PERSISTENT HIGH C2 LEVEL AS A RISK FACTOR FOR DEVELOPING CSA RELATED ADVERSE EFFECT IN STABLE LIVER TRANSPLANT PATIENTS

Abstract

P509 Aims: A single blood concentration measurement 2 hours after cyclosporine administration (C2) has been shown to be a more sensitive indicator of drug exposure in de novo transplant recipients from the first week to 6 months after initiation of cyclosporine administration than trough concentrations (C0). To detect the risk factor according to C0 and C2 levels in stable liver transplantation, a prospective cohort study has been executed in our institute.. Methods: In 50 stable liver transplant recipients (0.5-13.5 years post-transplant), we determined C2 levels in addition to conventional C0 repeatedly up to 5 times and observed clinical outcome over a period of 10±5 months.
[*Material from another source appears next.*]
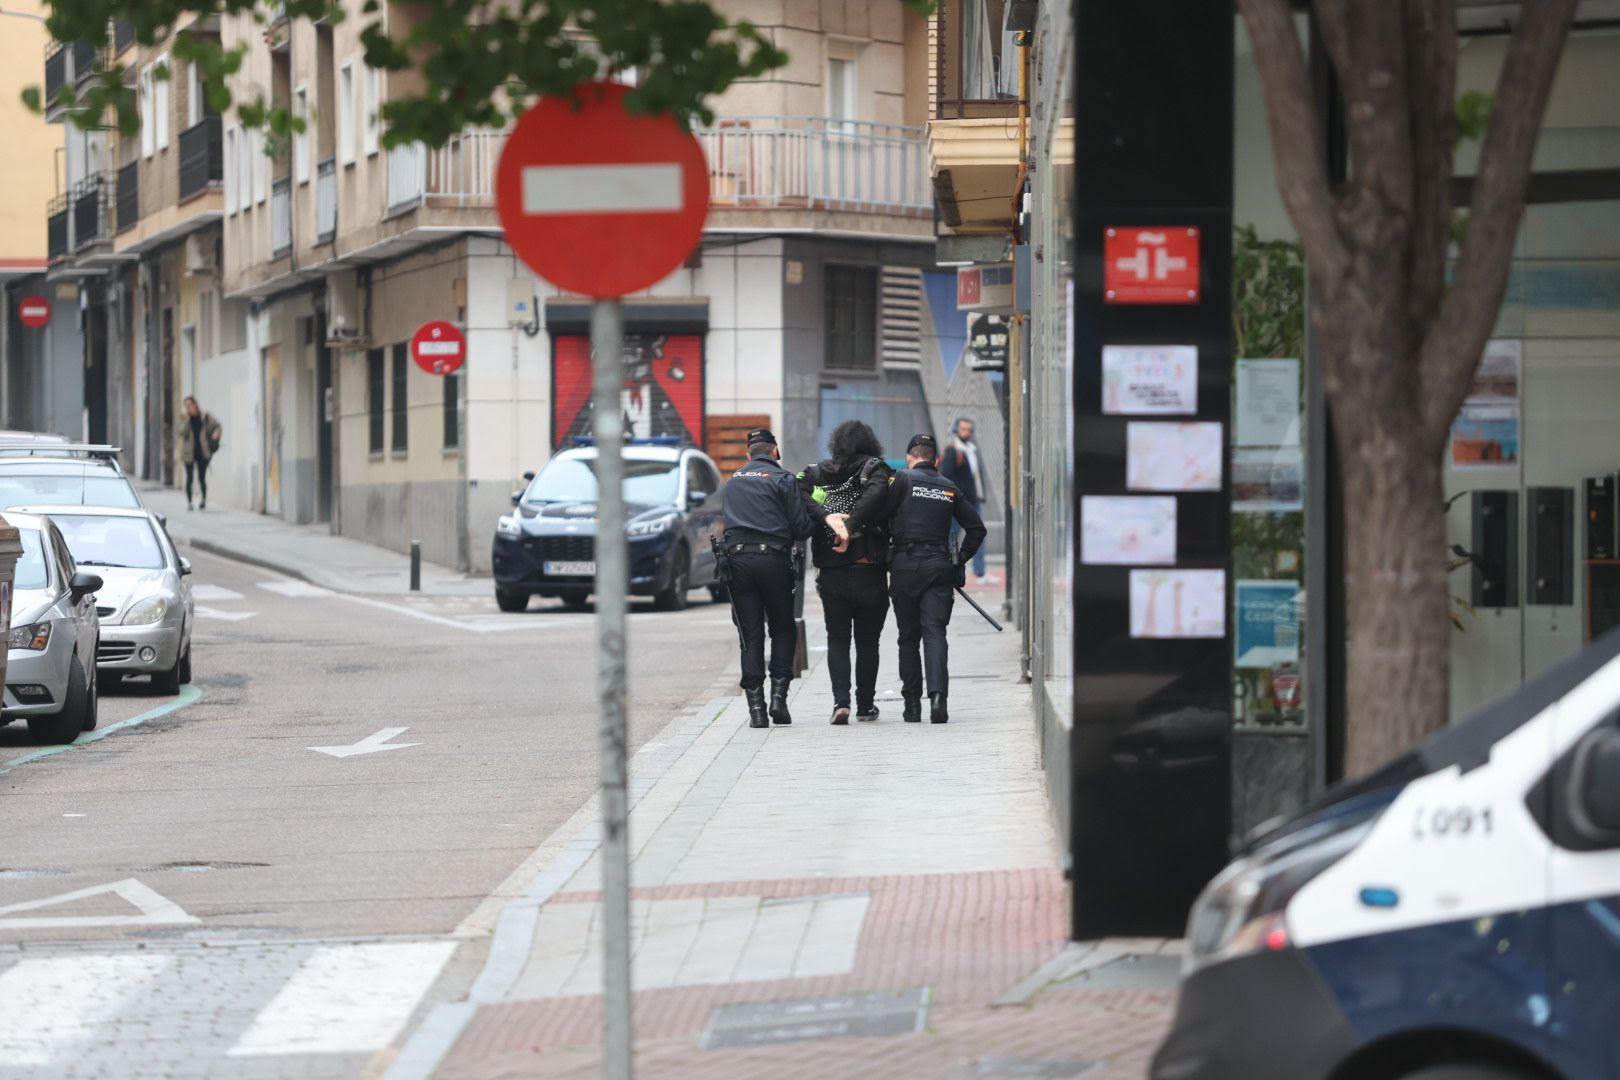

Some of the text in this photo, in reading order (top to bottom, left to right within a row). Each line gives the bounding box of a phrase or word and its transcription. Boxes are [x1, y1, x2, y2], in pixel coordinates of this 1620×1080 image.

The cyclosporine dosage was adjusted according to predetermined C0 target range (80-180 ng/ml) and clinical status. Besides regular physical examination and routine laboratory measurements, a separate questionnaire containing questions specifically on the adverse effects of cyclosporine was documented. Results: Totally 128 questionnaire and paired C0 and C2 values were obtained. Percutaneous liver needle biopsy has been performed in 13 patients during the study. No rejection episode has been observed. However, 94% patients (47/50) had at least one of CsA related adverse events, such as hypertension, elevation of serum creatinine or neurotoxic symptom. The C0 levels were 145±37 ng/ml whereas the corresponding C2 were 690±222 ng/ml. A C2 level above 750 ng/ml, determined at least twice in an interval of 3 months, was identified as a relevant risk factor for the presence of serious adverse effect, which was defined as the combination of hypertension, renal insufficiency and more than two neurological complaints (RR=4, p<0.01). Single elevated C2 value was not a statistically significant risk factor. Conclusions: In this study we prospectively analysed C2 values in stable liver recipients on maintenance immunosuppression based on C0 monitoring. C2 level exceeding 750 ng/ml over 6 months was found to be associated with sever adverse events from cyclosporine whereas C0 was failed to identified this population.